RECORDED DATA:

------------------------------------------------------------

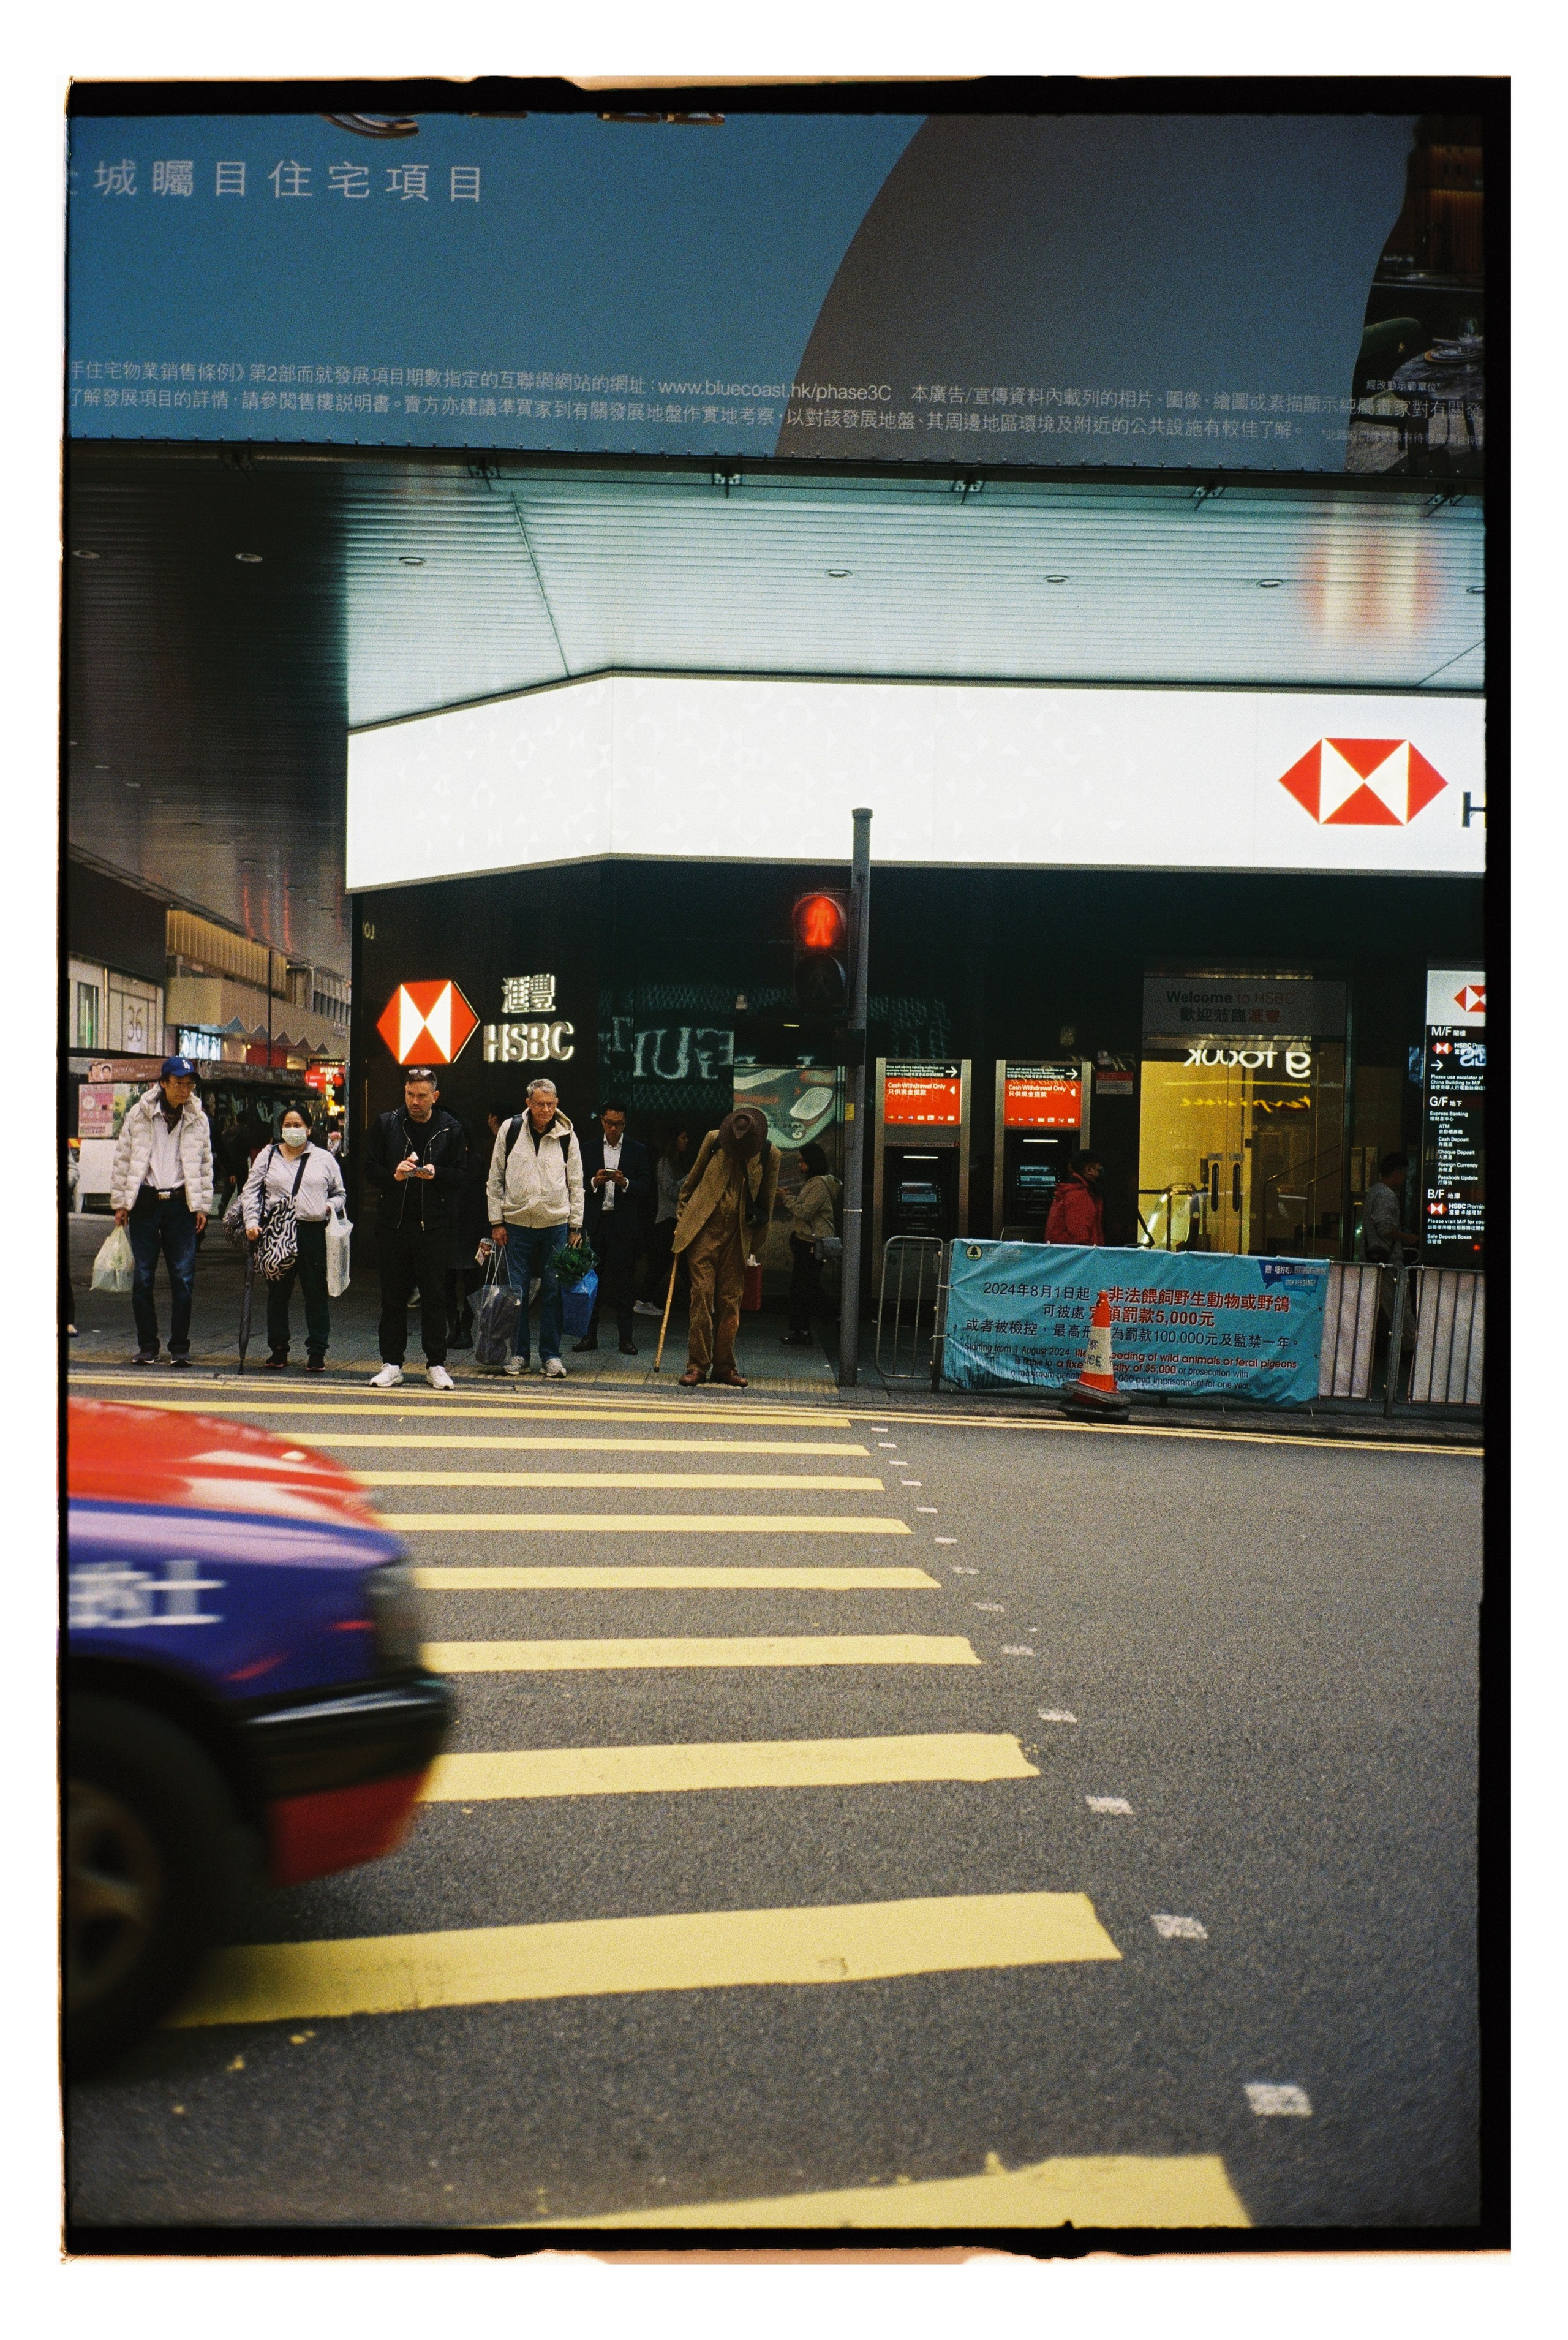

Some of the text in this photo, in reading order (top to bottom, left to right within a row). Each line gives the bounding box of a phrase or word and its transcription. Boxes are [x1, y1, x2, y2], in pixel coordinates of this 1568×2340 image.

[69, 159, 481, 203] 城矚目住宅項目
[658, 380, 892, 402] www.bluecoast.hk/phase3C
[1167, 991, 1295, 1005] Welcome to HSBC
[127, 1005, 143, 1041] 36
[1431, 1026, 1452, 1036] M/F
[483, 1021, 574, 1062] HSBC
[1430, 1096, 1448, 1107] G/F
[1428, 1188, 1444, 1199] B/F
[965, 1343, 992, 1353] Starting
[995, 1343, 1011, 1353] from
[1022, 1346, 1046, 1357] August
[1111, 1352, 1145, 1362] eeding
[1148, 1353, 1158, 1361] of
[1159, 1353, 1179, 1363] wild
[1182, 1355, 1221, 1365] animals
[1236, 1357, 1257, 1367] feral
[1261, 1359, 1297, 1370] pigeons
[1046, 1357, 1053, 1367] to
[1066, 1358, 1084, 1368] fixe
[1133, 1364, 1143, 1373] of
[1145, 1364, 1176, 1375] $5,000
[1188, 1367, 1231, 1377] prosecution
[1232, 1369, 1249, 1378] with
[1153, 1376, 1204, 1387] imprisonment
[1205, 1379, 1216, 1387] for

------------------------------------------------------------

Copy the data above line for line, skipping every picture.

Some of the text in this photo, in reading order (top to bottom, left to right within a row). Each line gives the bounding box of a phrase or word and its transcription. Boxes are [x1, y1, x2, y2], in pixel coordinates of this 1568×2340 image.

[69, 159, 481, 203] 城矚目住宅項目
[658, 380, 892, 402] www.bluecoast.hk/phase3C
[1167, 991, 1295, 1005] Welcome to HSBC
[127, 1005, 143, 1041] 36
[1431, 1026, 1452, 1036] M/F
[483, 1021, 574, 1062] HSBC
[1430, 1096, 1448, 1107] G/F
[1428, 1188, 1444, 1199] B/F
[965, 1343, 992, 1353] Starting
[995, 1343, 1011, 1353] from
[1022, 1346, 1046, 1357] August
[1111, 1352, 1145, 1362] eeding
[1148, 1353, 1158, 1361] of
[1159, 1353, 1179, 1363] wild
[1182, 1355, 1221, 1365] animals
[1236, 1357, 1257, 1367] feral
[1261, 1359, 1297, 1370] pigeons
[1046, 1357, 1053, 1367] to
[1066, 1358, 1084, 1368] fixe
[1133, 1364, 1143, 1373] of
[1145, 1364, 1176, 1375] $5,000
[1188, 1367, 1231, 1377] prosecution
[1232, 1369, 1249, 1378] with
[1153, 1376, 1204, 1387] imprisonment
[1205, 1379, 1216, 1387] for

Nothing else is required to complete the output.